** Brief **
Your copy must start with the line containing "Some of the text" and end with the last line of the entries, matching them exactly and leaving out every picture.

▬▬▬▬▬▬

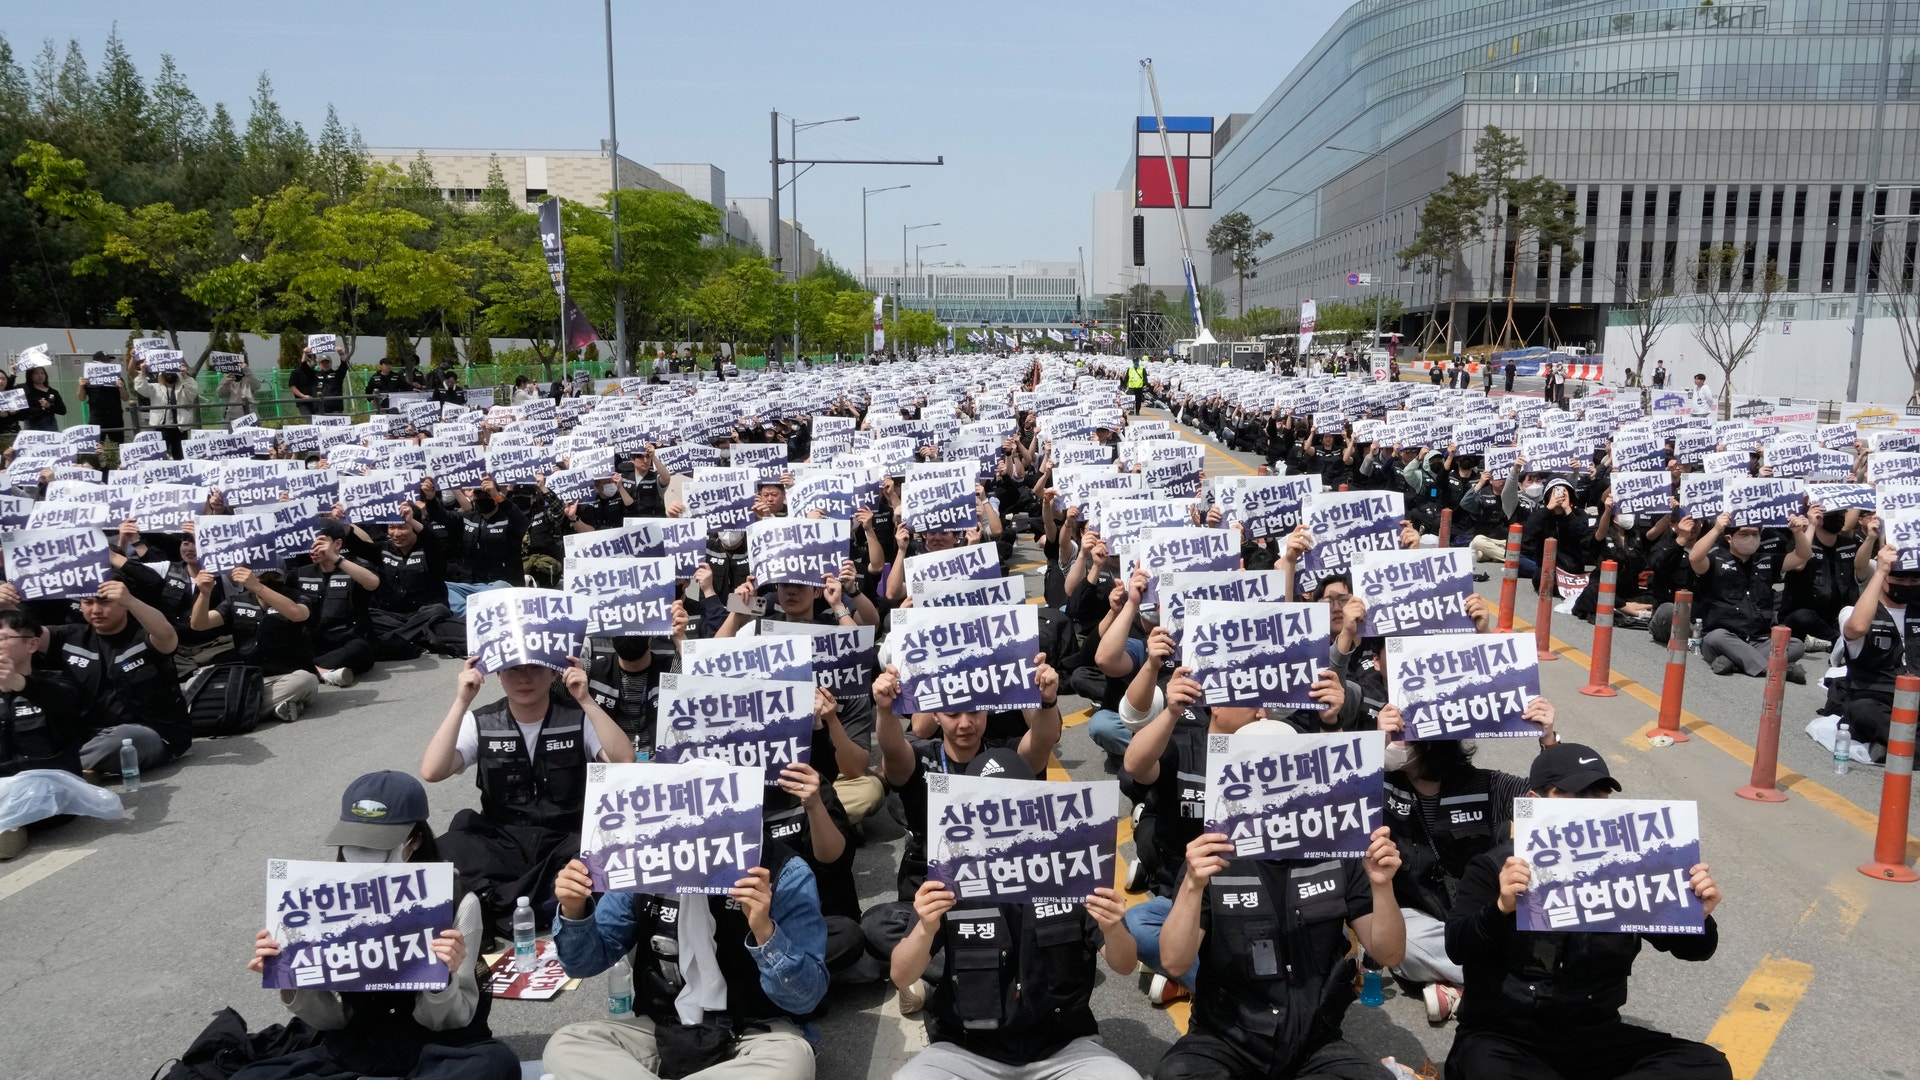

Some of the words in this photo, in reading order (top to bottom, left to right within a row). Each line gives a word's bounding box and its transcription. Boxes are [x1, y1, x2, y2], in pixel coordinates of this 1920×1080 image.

[310, 335, 332, 345] 상한폐지
[148, 351, 178, 362] 상한폐지
[212, 354, 240, 364] 상한폐지
[86, 366, 117, 374] 상한폐지
[150, 361, 181, 372] 실현하자
[89, 375, 118, 386] 실현하자
[409, 402, 436, 416] 상한폐지
[524, 399, 552, 412] 상한폐지
[1294, 395, 1317, 405] 상한폐지
[1515, 398, 1541, 410] 상한폐지
[414, 414, 440, 428] 실현하자
[816, 420, 850, 432] 상한폐지
[1316, 413, 1341, 423] 상한폐지
[1652, 416, 1683, 428] 상한폐지
[62, 428, 94, 444] 상한폐지
[286, 427, 320, 440] 상한폐지
[523, 421, 554, 434] 상한폐지
[610, 424, 644, 438] 상한폐지
[880, 422, 917, 438] 상한폐지
[1050, 421, 1086, 434] 상한폐지
[1317, 423, 1344, 434] 실현하자
[1398, 422, 1428, 436] 상한폐지
[1455, 427, 1491, 441] 상한폐지
[1576, 424, 1606, 437] 상한폐지
[1820, 425, 1852, 438] 상한폐지
[18, 434, 56, 446] 상한폐지
[208, 436, 247, 451] 상한폐지
[1458, 442, 1493, 454] 실현하자
[1527, 440, 1568, 455] 상한폐지
[1678, 436, 1714, 450] 상한폐지
[1826, 436, 1856, 448] 실현하자
[1879, 436, 1916, 450] 상한폐지
[122, 444, 160, 462] 상한폐지
[490, 449, 534, 467] 상한폐지
[572, 450, 608, 467] 상한폐지
[734, 446, 780, 464] 상한폐지
[812, 444, 846, 458] 상한폐지
[946, 444, 990, 461] 상한폐지
[1062, 448, 1106, 462] 상한폐지
[1152, 446, 1198, 460] 상한폐지
[1615, 440, 1658, 459] 상한폐지
[1767, 443, 1813, 462] 상한폐지
[430, 448, 477, 470] 상한폐지
[1531, 456, 1572, 472] 실현하자
[1708, 453, 1745, 469] 상한폐지
[142, 462, 194, 484] 상한폐지
[223, 464, 278, 484] 상한폐지
[494, 466, 539, 484] 실현하자
[1146, 462, 1193, 484] 상한폐지
[1773, 461, 1819, 478] 실현하자
[437, 468, 486, 490] 실현하자
[546, 472, 588, 490] 상한폐지
[1615, 474, 1664, 494] 상한폐지
[226, 487, 283, 506] 실현하자
[342, 478, 396, 500] 상한폐지
[686, 484, 745, 510] 상한폐지
[791, 478, 844, 506] 상한폐지
[905, 478, 966, 508] 상한폐지
[1243, 478, 1312, 510] 상한폐지
[1728, 480, 1784, 504] 상한폐지
[134, 488, 197, 509] 상한폐지
[1620, 494, 1670, 514] 실현하자
[1822, 492, 1876, 509] 실현하자
[32, 507, 96, 528] 상한폐지
[136, 510, 196, 531] 실현하자
[350, 501, 402, 523] 실현하자
[912, 504, 976, 532] 실현하자
[1108, 504, 1174, 528] 상한폐지
[1310, 494, 1393, 534] 상한폐지
[1734, 504, 1790, 526] 실현하자
[198, 516, 263, 548] 상한폐지
[1250, 510, 1302, 538] 실현하
[752, 524, 821, 556] 상한폐지
[1320, 528, 1402, 568] 실현하자
[12, 531, 96, 568] 상한폐지
[202, 544, 275, 573] 실현하자
[1148, 534, 1228, 568] 상한폐지
[756, 554, 832, 582] 실현하자
[912, 548, 986, 581] 상한폐지
[21, 562, 110, 598] 실현하자
[570, 562, 661, 596] 상한폐지
[1360, 552, 1458, 596] 상한폐지
[168, 578, 186, 590] 투쟁
[302, 583, 318, 591] 투쟁
[236, 608, 256, 618] 투쟁
[473, 596, 573, 635] 상한폐지
[586, 598, 674, 633] 실현하자
[1372, 591, 1468, 634] 실현하자
[902, 610, 1020, 663] 상한폐지
[1192, 608, 1313, 656] 상한폐지
[482, 632, 581, 672] 실현하자
[692, 639, 796, 678] 상한폐지
[68, 656, 90, 668] 투쟁
[122, 658, 145, 672] SELU
[1398, 638, 1518, 692] 상한폐지
[914, 658, 1040, 711] 실현하자
[1201, 658, 1327, 704] 실현하자
[595, 694, 616, 708] 투쟁
[667, 686, 794, 730] 상한폐지
[1412, 686, 1537, 738] 실현하자
[488, 741, 516, 752] 투쟁
[546, 740, 574, 750] SELU
[980, 766, 1004, 778] adidas
[1217, 738, 1363, 800] 상한폐지
[595, 772, 739, 831] 상한폐지
[1388, 797, 1412, 816] 투쟁
[939, 787, 1093, 842] 상한폐지
[1451, 810, 1482, 824] SELU
[770, 823, 801, 838] SELU
[1230, 797, 1384, 857] 실현하자
[1526, 806, 1674, 868] 상한폐지
[604, 832, 759, 890] 실현하자
[954, 845, 1115, 898] 실현하자
[277, 869, 428, 928] 상한폐지
[1298, 881, 1336, 898] SELU
[1543, 868, 1690, 928] 실현하자
[1222, 891, 1258, 908] 투쟁
[1035, 903, 1073, 918] SELU
[957, 922, 996, 940] 투쟁
[290, 928, 438, 987] 실현하자
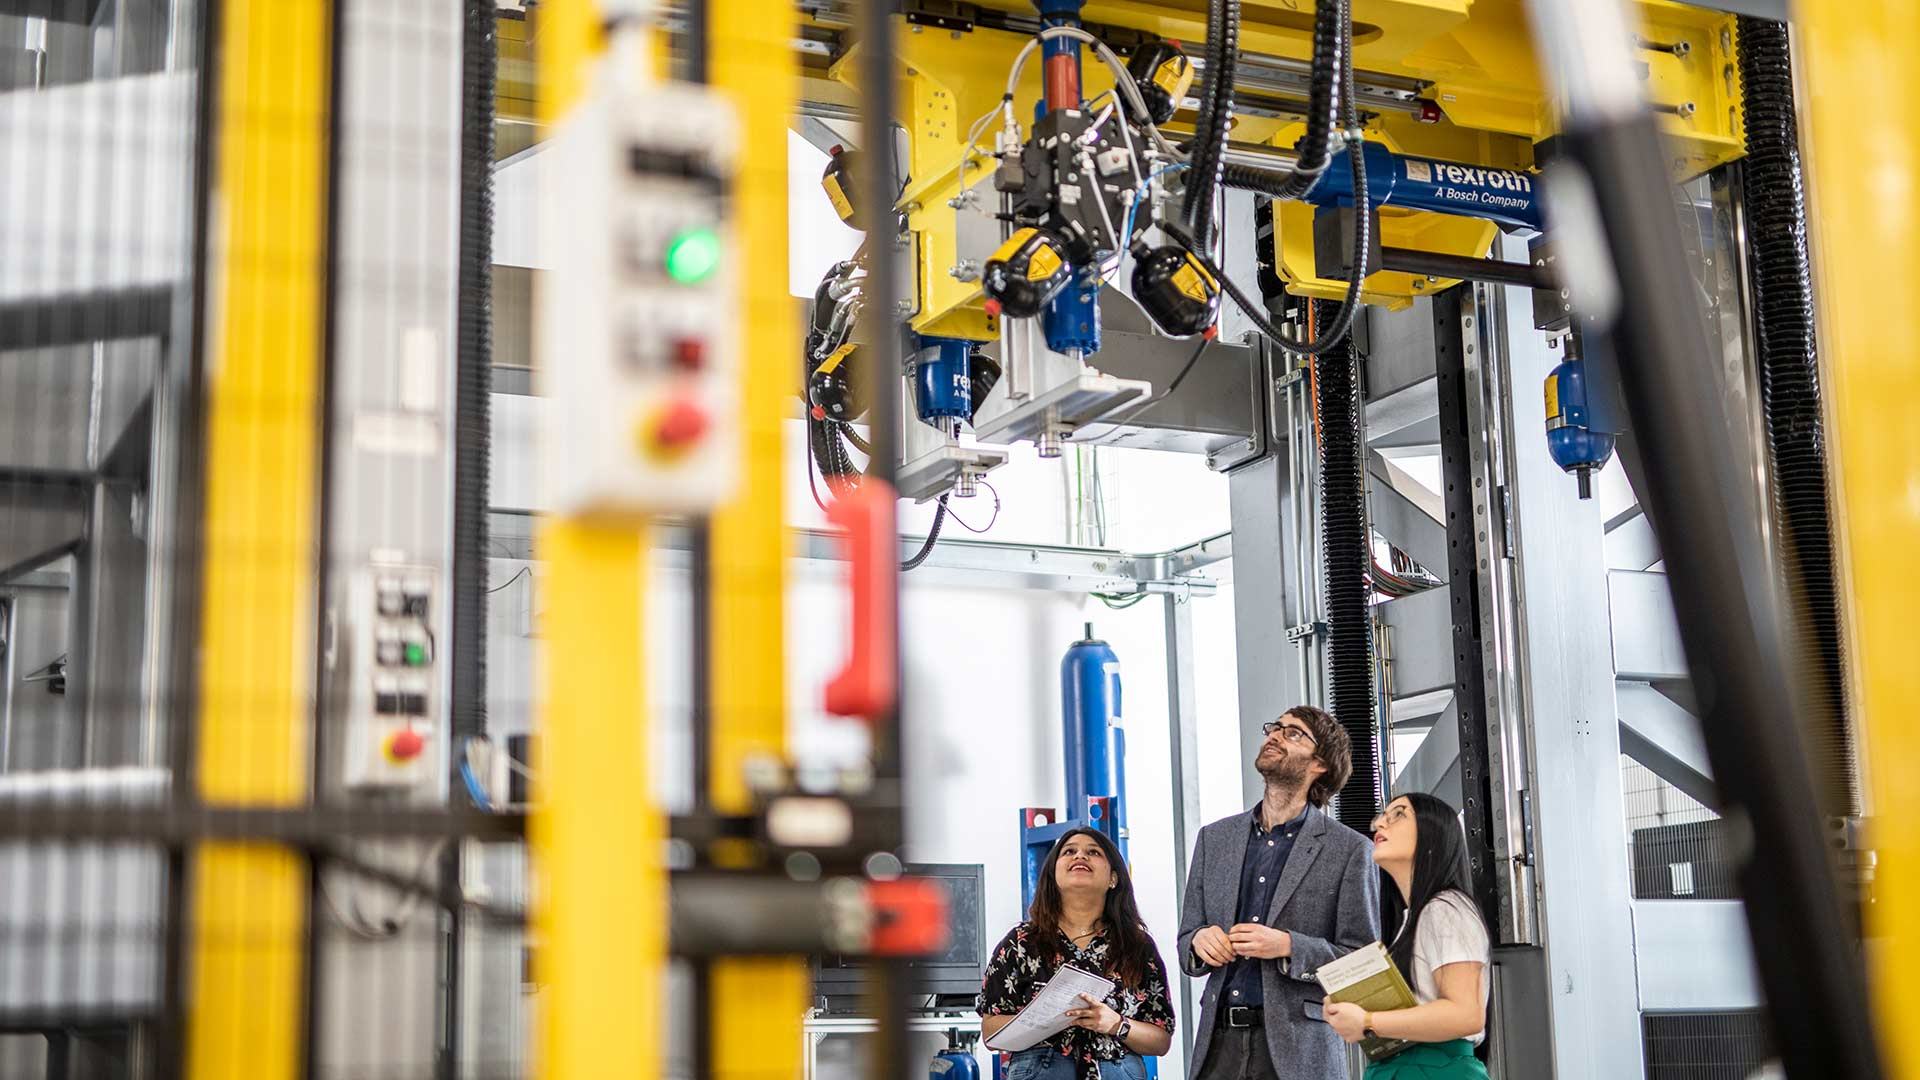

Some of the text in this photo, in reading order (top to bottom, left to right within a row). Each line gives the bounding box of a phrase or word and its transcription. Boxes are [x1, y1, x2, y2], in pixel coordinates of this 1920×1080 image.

[1435, 164, 1531, 192] rexroth
[1435, 187, 1530, 210] A Bosch Company
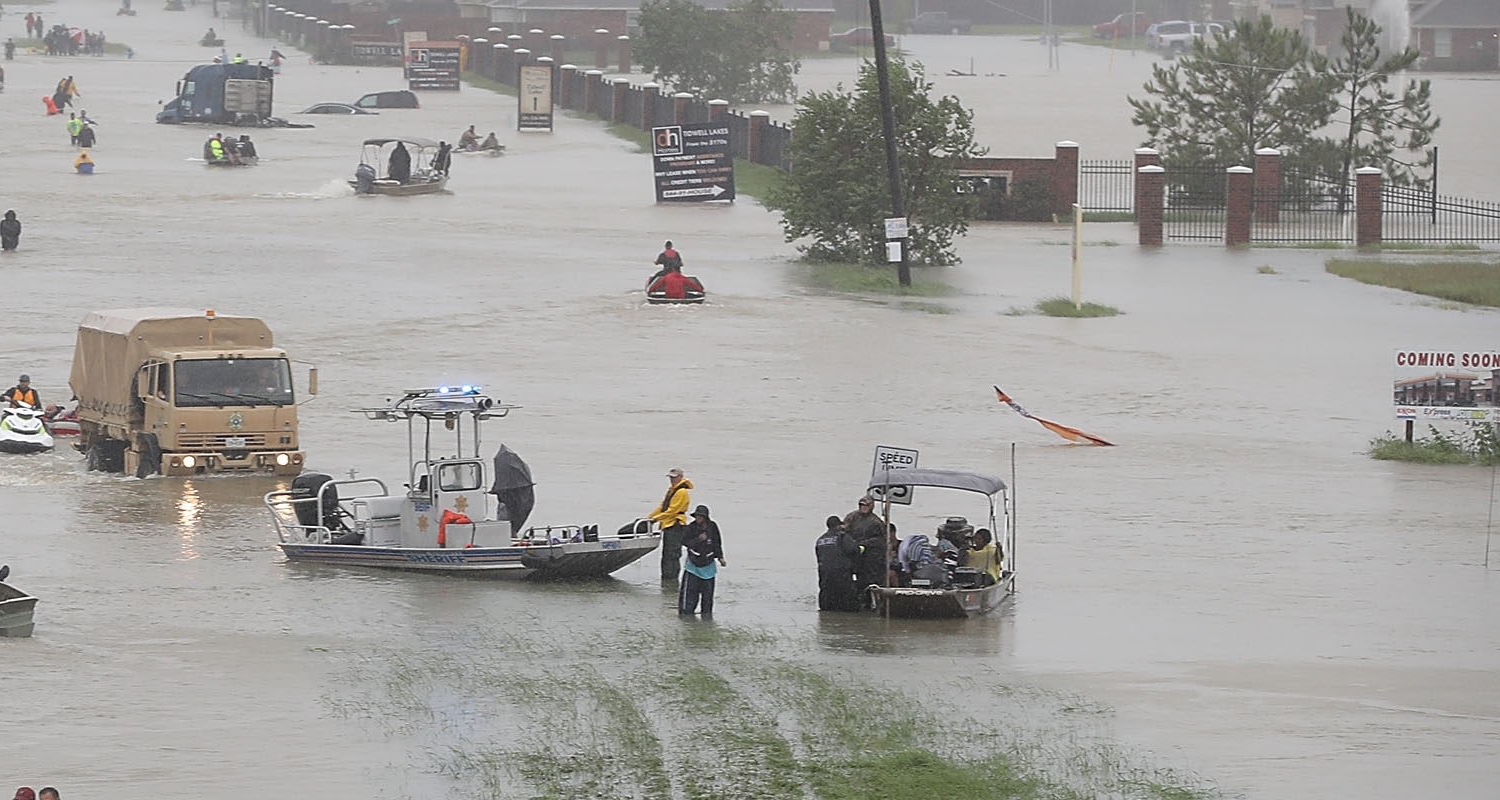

▬▬▬▬▬▬

** Written answer **
Some of the text in this photo, in reading order (top to bottom, left to right within a row). Each line gives the bounding box of a phrase or word and its transcription. Boxes are [x1, y1, x2, y2], in pixel coordinates of this 1920×1080 image.

[1435, 164, 1531, 192] rexroth
[1435, 187, 1530, 210] A Bosch Company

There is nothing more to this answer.